Leaving the images out, output each entry below exactly.
+++ Data supplied +++
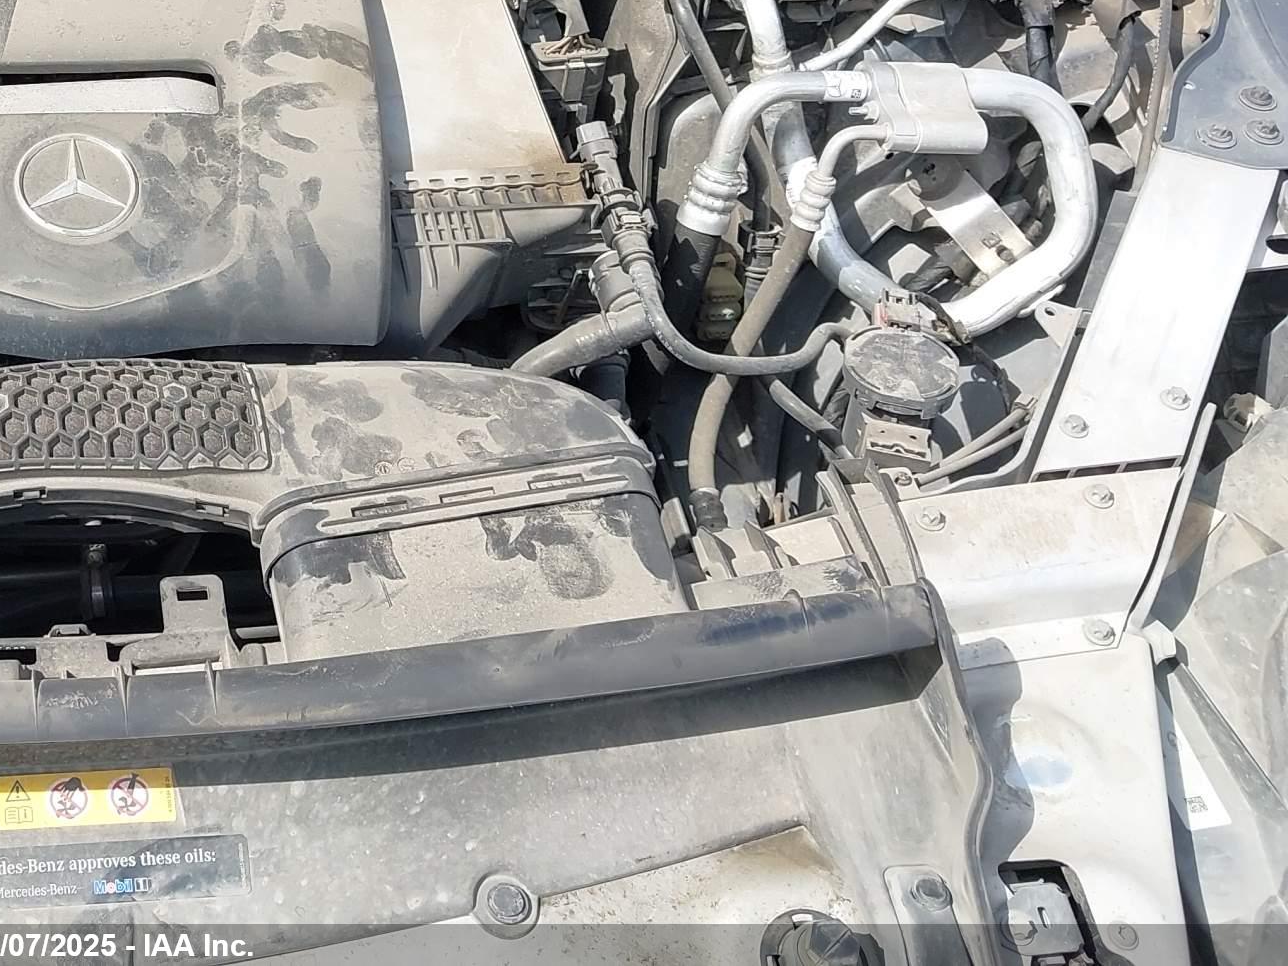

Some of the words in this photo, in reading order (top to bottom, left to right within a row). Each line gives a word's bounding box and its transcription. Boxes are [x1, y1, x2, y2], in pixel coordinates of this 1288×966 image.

[69, 854, 136, 873] approves
[140, 850, 181, 866] these
[184, 848, 216, 863] oils:
[93, 879, 132, 894] Mobil
+++
Your response
Some of the words in this photo, in reading order (top to bottom, left to right within a row). Each line gives a word's bounding box and its transcription. Boxes are [x1, y1, x2, y2], in pixel coordinates of this 1288×966 image.

[69, 854, 136, 873] approves
[140, 850, 181, 866] these
[184, 848, 216, 863] oils:
[93, 879, 132, 894] Mobil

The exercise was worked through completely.